There is no reason to believe that ChatGPT can do everything. And what we call AI today is a rebranding because we are not doing anything different from what people called machine learning before, function fitting earlier, and data regression even before that. It’s all the same thing. We just have been renaming it over and over. You fit a line to a bunch of points and people call it AI.
The real challenges are hidden behind these different names. [For example, consider that we don’t have] widespread vision sensors that behave like eyes and perform like eyes. Your eyes have dynamic range. I just tried to show you the snow, right? And you couldn’t see it [through the camera] because it was white. But my eyes see it perfectly. So there’s something in that camera that is not doing what my eyes can do.
There is a neuromorphic visual sensor, and it almost has that, the sensation of a wide dynamic range. So that’s where we’re going to get closer [in terms of intelligence] to the hardware we see in nature. We are creeping into it, it won’t just happen tomorrow.
I wanted to ask you your thoughts on the evolution of the field over time. What kind of support will it need to achieve its goals?
Juan Pablo Carbajal: The question is, what’s your objective? If you are going to still be measuring performance or success in terms of billions of dollars or EUR or whatever, you should just be doing what you are doing now: we need more incubators, easier access for small companies to this technology. You will have more monetary production if you go this way.

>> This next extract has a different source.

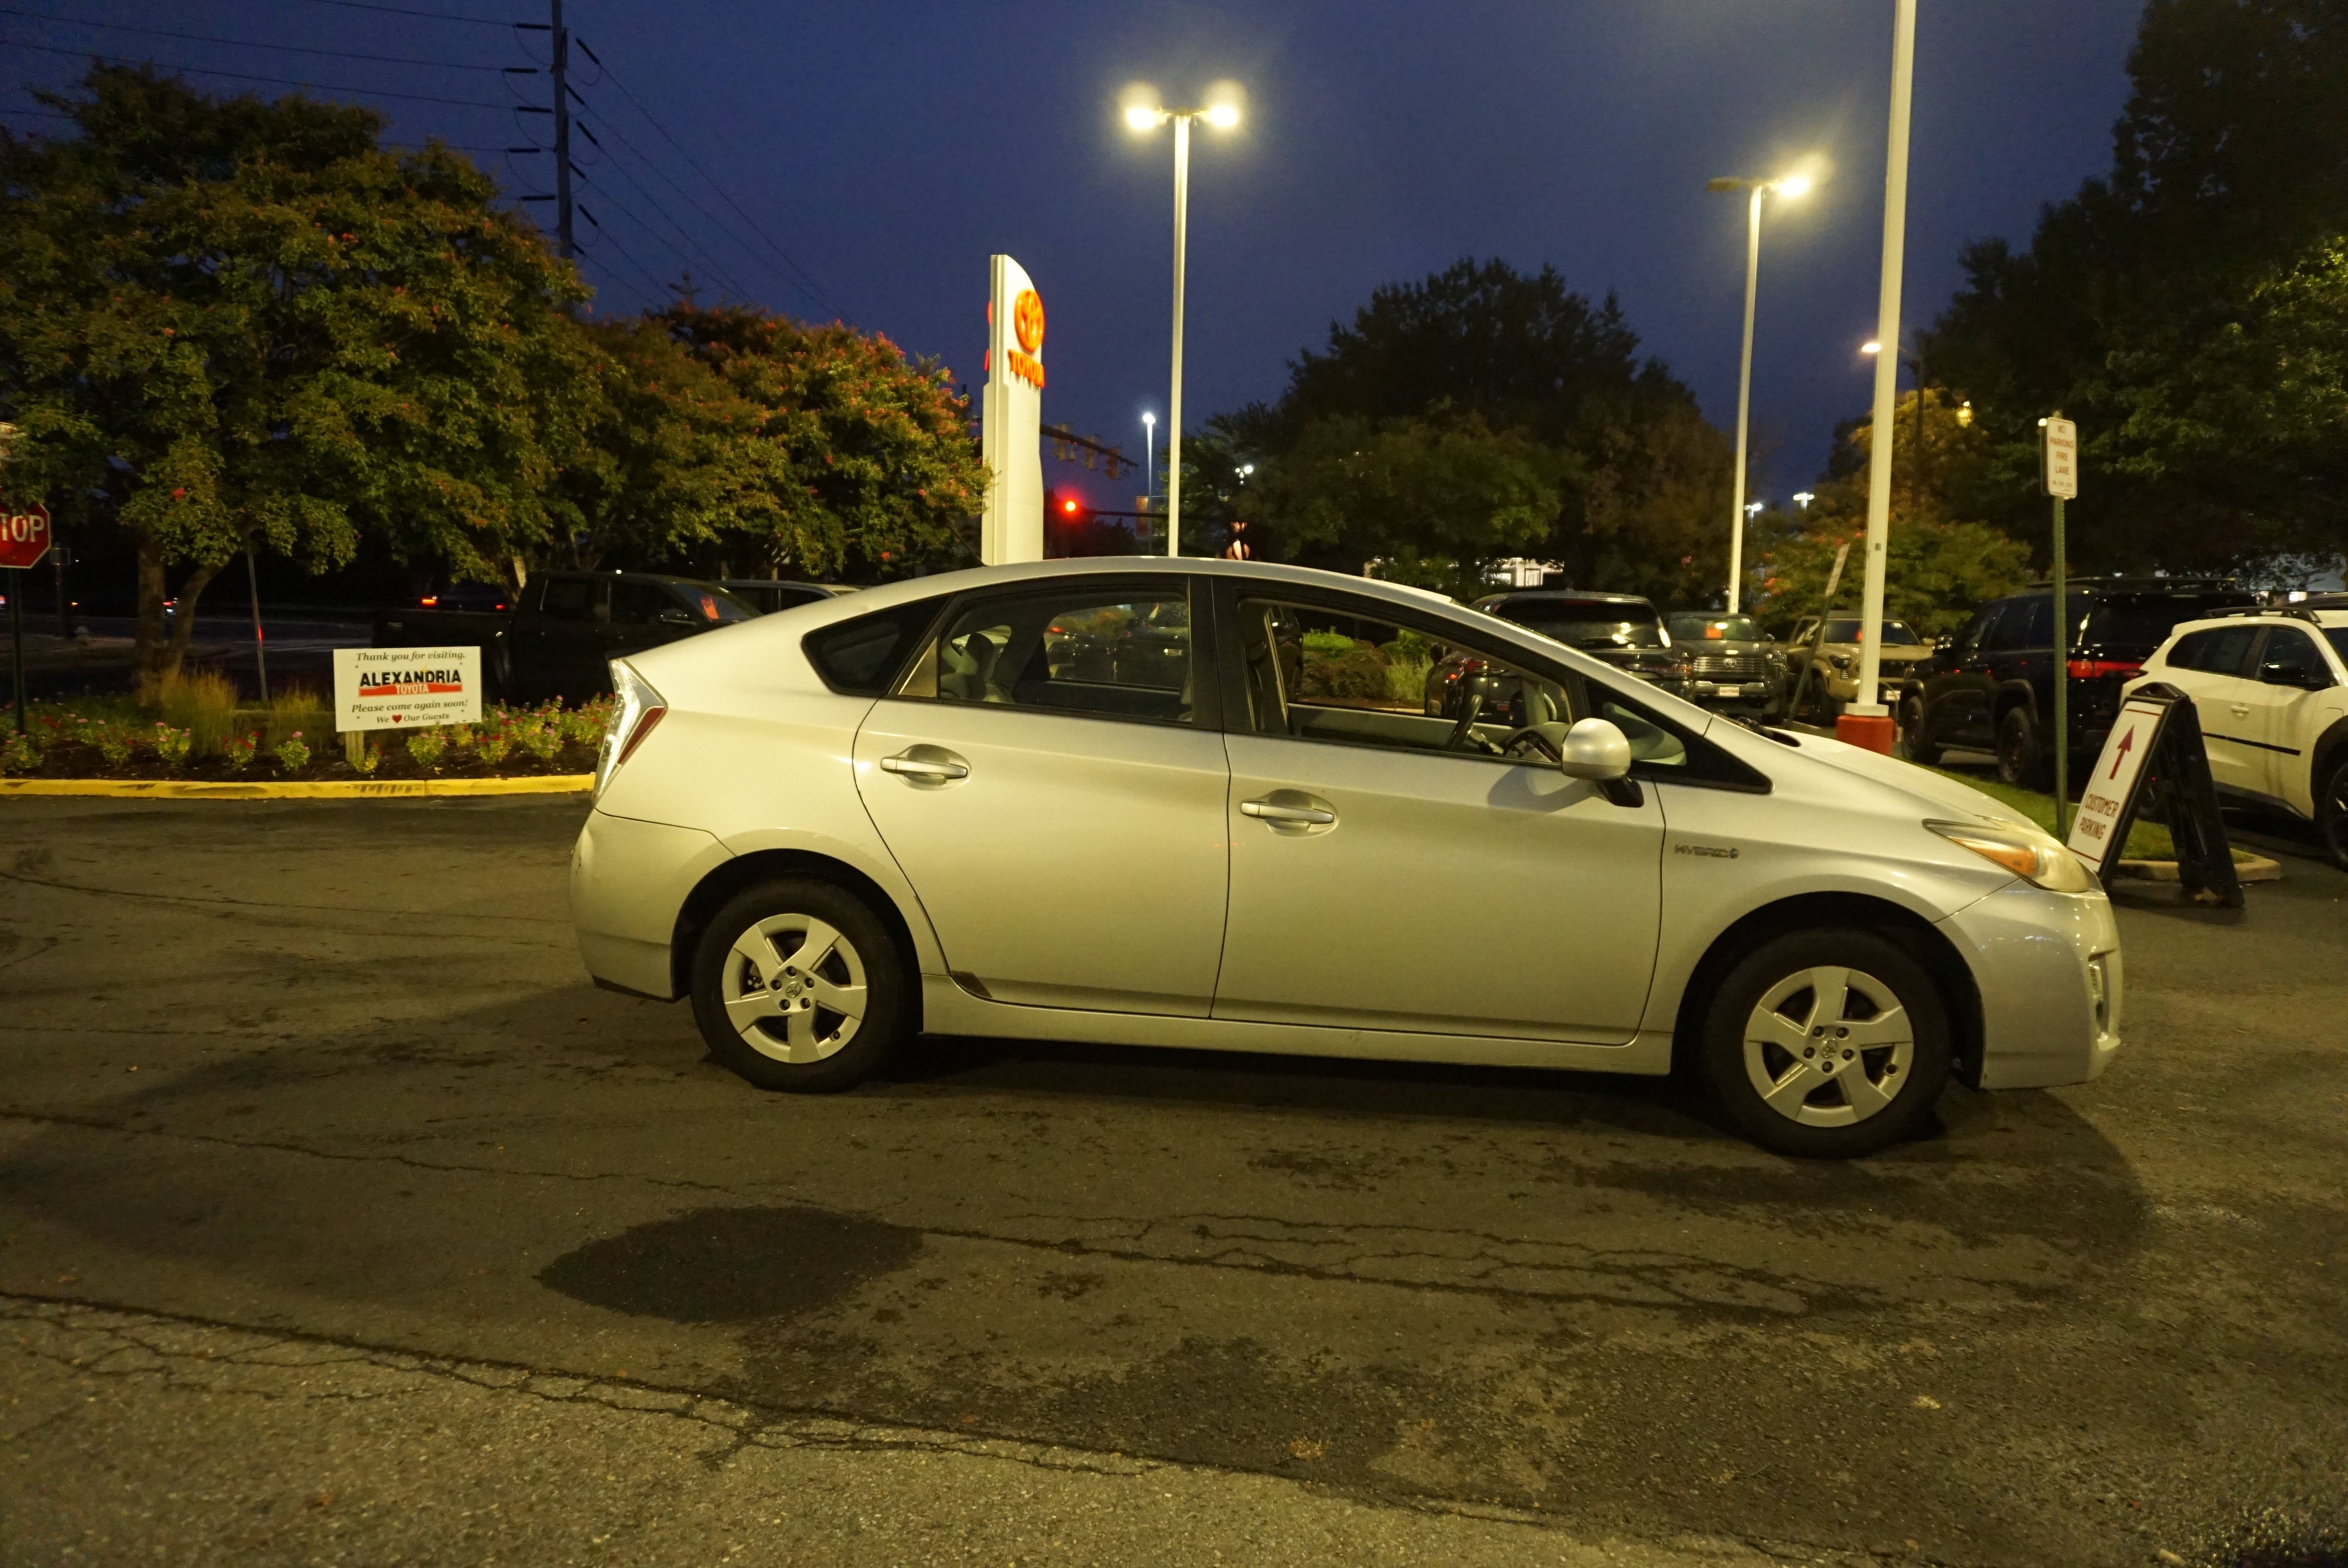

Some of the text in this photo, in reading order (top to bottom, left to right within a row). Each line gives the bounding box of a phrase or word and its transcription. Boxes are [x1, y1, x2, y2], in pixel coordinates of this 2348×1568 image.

How will we build these development platforms that we mentioned before? How do we represent these problems? We are still leaning very heavily on linear algebra and ordinary differential equations. Are those really the mathematical tools we need to solve these problems in AI? These questions are not being explored a lot. It’s also not easy (and it’s getting harder) to get funding to investigate these kind of fundamental questions.
[These types of questions need] public financing, and maybe we will learn from the past and set its goals in a better way. If you are developing a new technology, we should also consider the outcomes in terms of environmental impact, socio-political impact. We should be promoting a holistic view, especially on the outcomes, not just the outputs.
The output is your chip. That’s OK. But we should also look at the impacts it could have in broader, more interdisciplinary terms. To get the breakthroughs we need, I think the field needs this kind of support.
Is there anything you feel was not covered and you want to add at the end?
Juan Pablo Carbajal: Some people see Europe as a wasteful place (blocking innovation). I see it probably as the last bastion of what a multi-objective society can look like: not just, you know, focused on money or industry or whatever.
When you have this classical way of optimizing a product, you have one objective function, right? We know the problems that brings misalignment issues
In academic research, we have also seen this problem with regards to impact factors and the amount of publications being the only criteria for obtaining academic positions, and look where it brought us. I see a very wasteful academia. It’s adding more noise to the environment. This “one-way” of thinking is weakening some values that I think are core values of science.
I don’t have this very utilitarian way of wanting measure scientists in terms of how much they produce. I think we are slowly changing it.
The same applies to other activities of our society, and I think Europe probably in my view one of the few regions where we are trying to have more than just one interest in focus.